=== The input ===

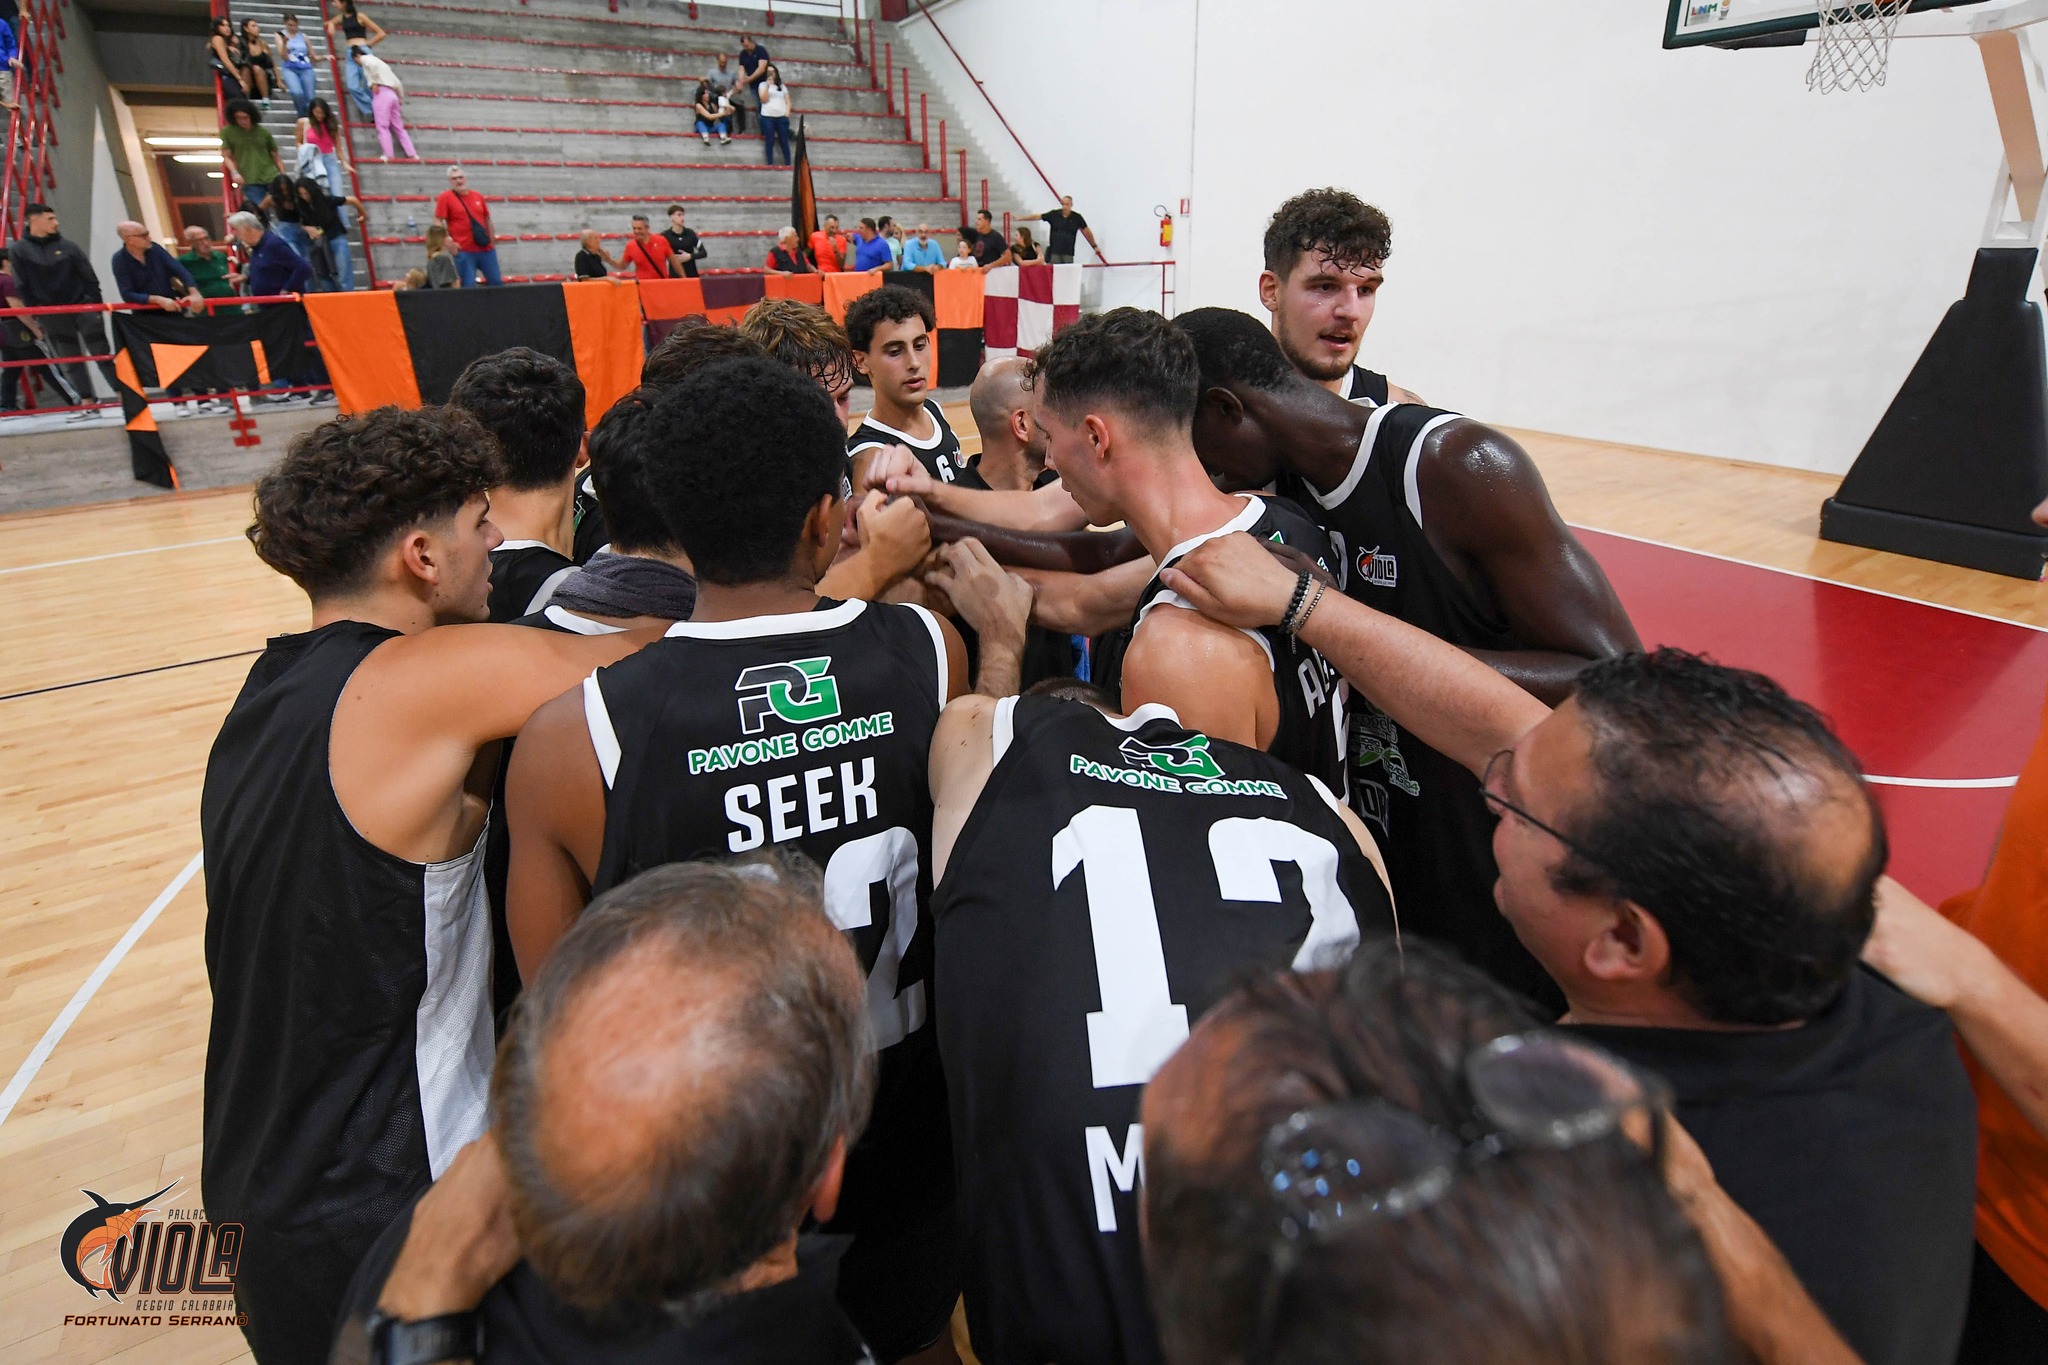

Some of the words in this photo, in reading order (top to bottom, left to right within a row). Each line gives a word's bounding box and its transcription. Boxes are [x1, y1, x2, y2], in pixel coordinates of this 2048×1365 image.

[936, 455, 955, 483] 6
[688, 735, 799, 775] PAVONE
[801, 711, 894, 757] GOMME
[1070, 753, 1183, 793] PAVONE
[1185, 779, 1289, 800] GOMME
[723, 756, 878, 853] SEEK

===

Task prompt
Could you retype every record above exactly, leaving the pictures out?

Result of this exercise
Some of the words in this photo, in reading order (top to bottom, left to right within a row). Each line gives a word's bounding box and its transcription. Boxes are [x1, y1, x2, y2], in pixel coordinates of this 2048×1365 image.

[936, 455, 955, 483] 6
[688, 735, 799, 775] PAVONE
[801, 711, 894, 757] GOMME
[1070, 753, 1183, 793] PAVONE
[1185, 779, 1289, 800] GOMME
[723, 756, 878, 853] SEEK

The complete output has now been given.